What I mean by this is if you ran everything that you typically need as a container (from a Docker image) you should not need to install anything except Docker itself.

Over any period of time I need to use various versions of Java, Python among others. I used to keep each version locally installed and then go through a process of setting environment variables (such as PATH) to use what I needed at that moment. Instead, if I use the tools in Docker containers I can run them at will and never need to upgrade/downgrade or generally mess around with my machine.

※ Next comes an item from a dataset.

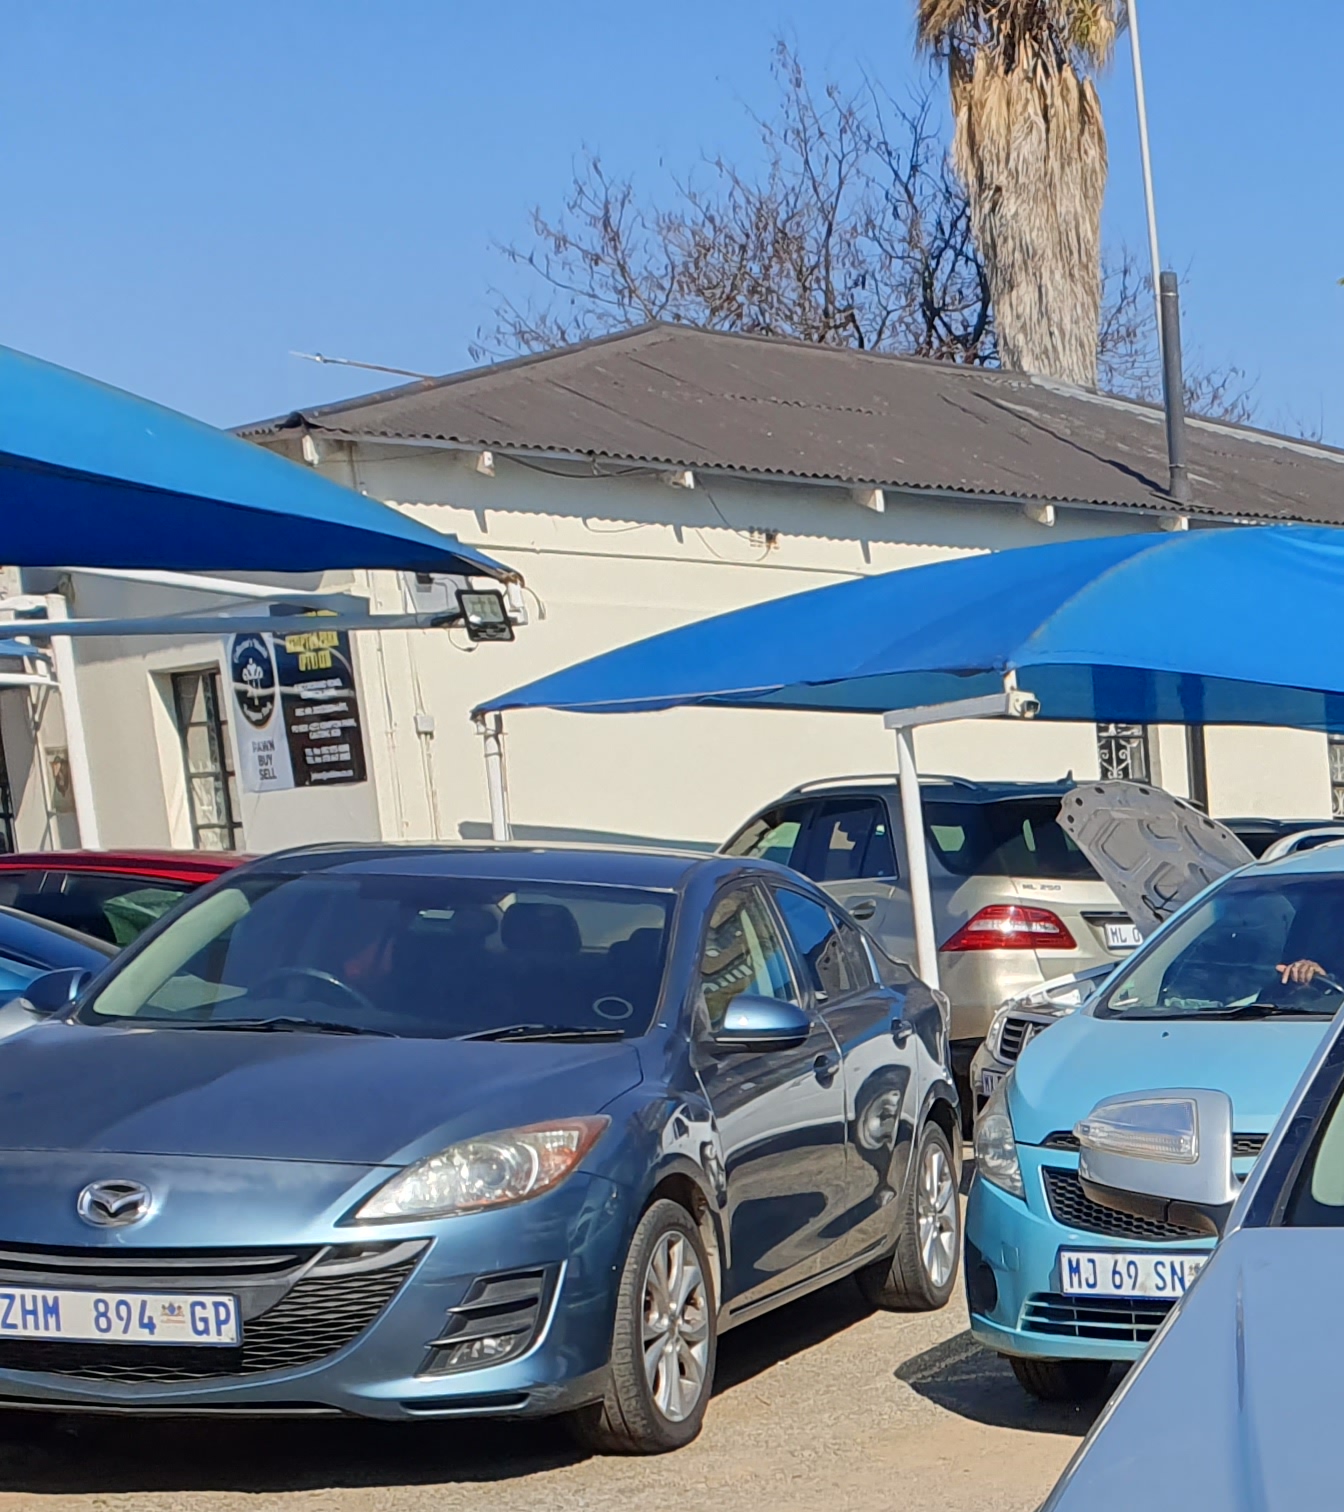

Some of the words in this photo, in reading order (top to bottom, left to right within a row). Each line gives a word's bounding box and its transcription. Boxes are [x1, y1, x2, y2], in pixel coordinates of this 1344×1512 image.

Along with this is if you contribute any open source software (such as in Github repos) you should also include a Dockerfile that will run them. Then also consider creating a DockerHub repo that is set to automatically build Docker images for them. It is particularly important to include descriptive and usage information about your tool. The DH automatic build will convey the GH info if you do. This makes it much easier for people to discover, develop trust in and use your tools. The perfect world is when you provide a Docker image of your tool and someone being able to simply run it without their having to clone, build (with whatever development environment is required), install and then run your tool.

Since most tools require access to local files include in your usage instructions an example of using the Docker volume argument to let your tool operate of local files. That might be as simple as something similar to the following docker run -v $(pwd):/tmp yourtool:1.0

Note that you should also include version tags for your tools so that if they change the user can still run what has always worked for them.

If you want to see an example of this approach take a look at the following. I do not claim to be a pro but I can carry a tune.

You may find that there are some things that you cannot easily do using Docker. A couple of examples that come to mind are tools that need access to external devices (such as via USB) or use a GUI. There may not be an existing way to do those with Docker but most everything else is likely to work well. However, companies and individuals are coming up with ways around those issues with Nvidia being a good example of that. They provide a Docker compatible driver that interfaces with their GPU. This allows containers to make use of very high performance found in that sort of hardware.

The main point is think about using and provide support for Docker. It will only make things easier for you and people that use your stuff.